I found the video above when Oshay Duke Jackson referenced Black Patriarch. Oshay has some very good common sense ideas on improving the welfare of the Black community, so when he recommended Black Patriarch, I thought it might be worth checking out. Let me first start out by saying I don’t buy the author’s idea that emotionality is in the genes. It sounds too much like HBD to me, and there’s no proof that that it is gene-based. He doesn’t talk enough about culture and the pull of emotional, illogical victim-focused thinking. I also need to remind everyone that his critique is an internal critique, of Black people and by Black people. But lots of the stuff he says seems right to me, namely the main idea that emotionality is enough to keep an entire group of people down.
I especially enjoyed the interviews that he posted, especially the one with Dr. Claud Anderson where he talks about the “great disconnect” between intellect and emotional reactions and where it gets you in life. Anderson is 100% spot-on when he describes the pattern of people “intellectually knowing what they’re supposed to be doing” but being too emotional to actually do it. Black Patriarch is right to point out that societies only grow when people willingly step aside to follow the smarter members of their society and refuse to allow their own egos to drive their actions. All successful societies require people to sacrifice for the common good. This rarely happens when people prize emotionality over logic, ego over the welfare of others.
I bring this up because the world has gone emotional. In our own national election, we’ve got Trump and his followers, most of whom are valuing his emotion and anger, ignoring his irrationality and lack of logic (and inability to learn facts). Trump is not a conservative (nor a liberal), but his support started from the Far Right, who are tired of having to think deeply about how to fix our country’s race problems. On the Far Left, we’ve got Black Lives Matter, which, like Trump, perpetuates lie after lie after lie. “Hands up, don’t shoot,” was not a cry against White police violence (since it didn’t happen that way–Michael Brown’s hands were trying to take Officer Darren Wilson’s gun), but was rather a cry of emotion against the shackles of logical thought and “respectability politics.” While Black Patriarch may have made his video to criticize other African Americans, I see this irrationality and emotionality infecting all of us, especially Asian Americans. I loved the interview with the dude at around 19:30–his words describe us Asian Americans these days, especially those on the Far Left extreme. We’re all joining the Emotional Bandwagon. People on the Far Left see logic and rational thinking much in the same way that the Trumpkins see it. Both believe that rational thinking is a form of weakness and inaction.

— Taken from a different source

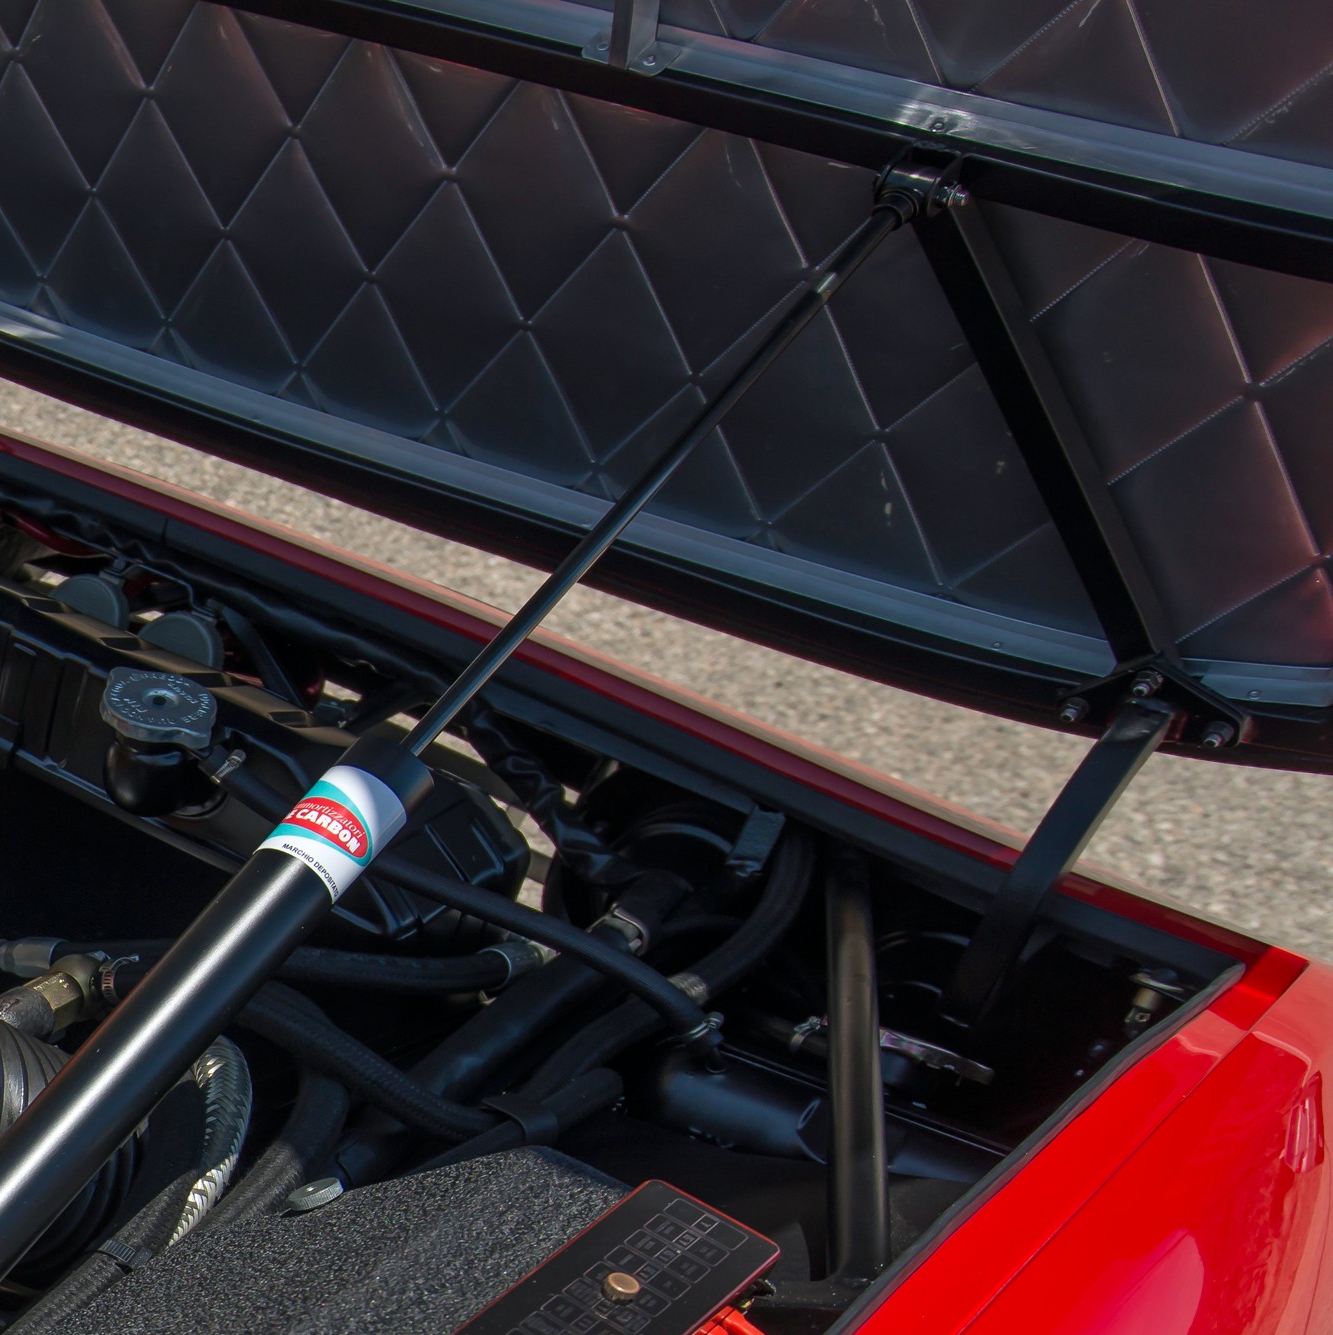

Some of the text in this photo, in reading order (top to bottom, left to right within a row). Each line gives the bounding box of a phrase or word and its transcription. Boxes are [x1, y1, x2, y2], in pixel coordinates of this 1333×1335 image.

[296, 809, 360, 853] CARBON
[282, 843, 338, 897] MARCHIO DEPOSITATO

What I think is most interesting about Black Patriarch’s video is his ideas about where emotionality leads. Even among the Far Left, there are far too many intelligent people who know that their arguments make no sense. They know “hands up, don’t shoot” didn’t happen, and yet they say it anyway because their emotions override their intellect. They would know that Peter Liang didn’t get off easy if they studied law and how the law works, but hey, it’s a free opportunity to attack Whitey and Chang. And although they think that this emotionality will lead to freedom and power, they don’t realize that their rejection of rational thinking is hurting them in the long run. Sure, it feels good to stick a knife into the side of Whitey and Chang, but can you really build anything in a world that resembles the Salem Witch Trials or the WWE? History says no.

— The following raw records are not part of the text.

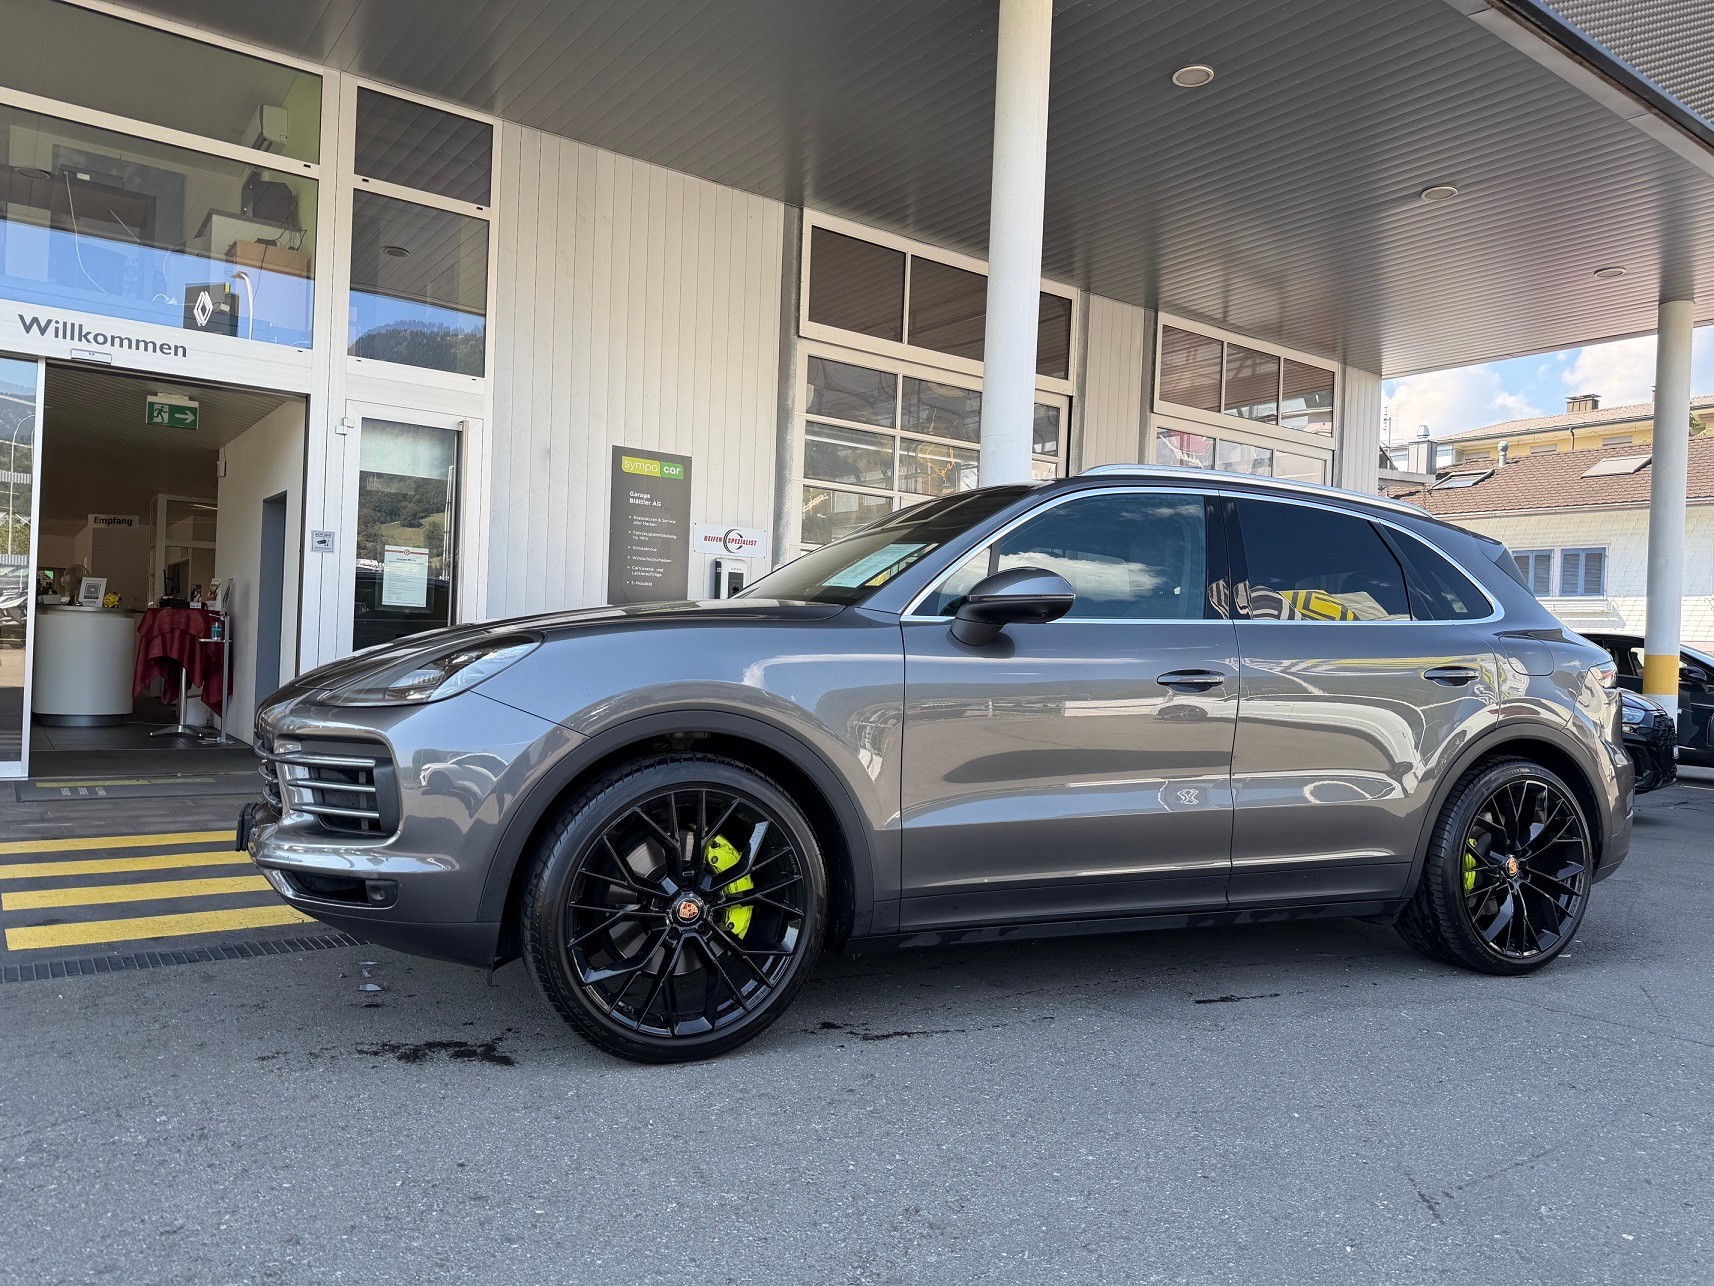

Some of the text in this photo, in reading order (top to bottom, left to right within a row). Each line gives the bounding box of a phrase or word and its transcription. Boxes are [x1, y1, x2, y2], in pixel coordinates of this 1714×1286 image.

[17, 313, 187, 358] Willkommen
[663, 466, 681, 475] car
[629, 490, 651, 499] Garage
[93, 516, 133, 527] Empfang
[703, 535, 758, 547] REIFEN SPEZIALIST

Martin Luther King and Malcolm X, for all the adoration they receive from the Far Left today, were both highly rational men who made decisions based on calculation. For example, Martin calculated how many people he would need to fill the jails, and then he refused to allow people to march unless they could convince HIM that they could control their emotions and not strike back. He probably wouldn’t have hired Shrieking Girl from Yale. Malcolm met with the KKK because he calculated that they both at the time wanted the same thing, which was complete segregation. Malcolm acknowledge White intelligence, rejecting the popular idea that White people only got ahead because of racism. Both men refused to allow emotion to overrun their thought processes.
I really think that people need to take a step back and evaluate whether anger will help them achieve their goals. The problem with emotional and irrational anger is that emotions are fickle, and they tend to differ from person to person. Yes, rationality seems cold and calculating and not as much fun compared to being able to do whatever you want to whomever you want, but if it makes life better, why not embrace it? At least give it a try. The moral arguments against irrationality (“look at all the people you’re hurting”) seem to be falling on deaf ears, so why not look at how much more effective logical thinking is?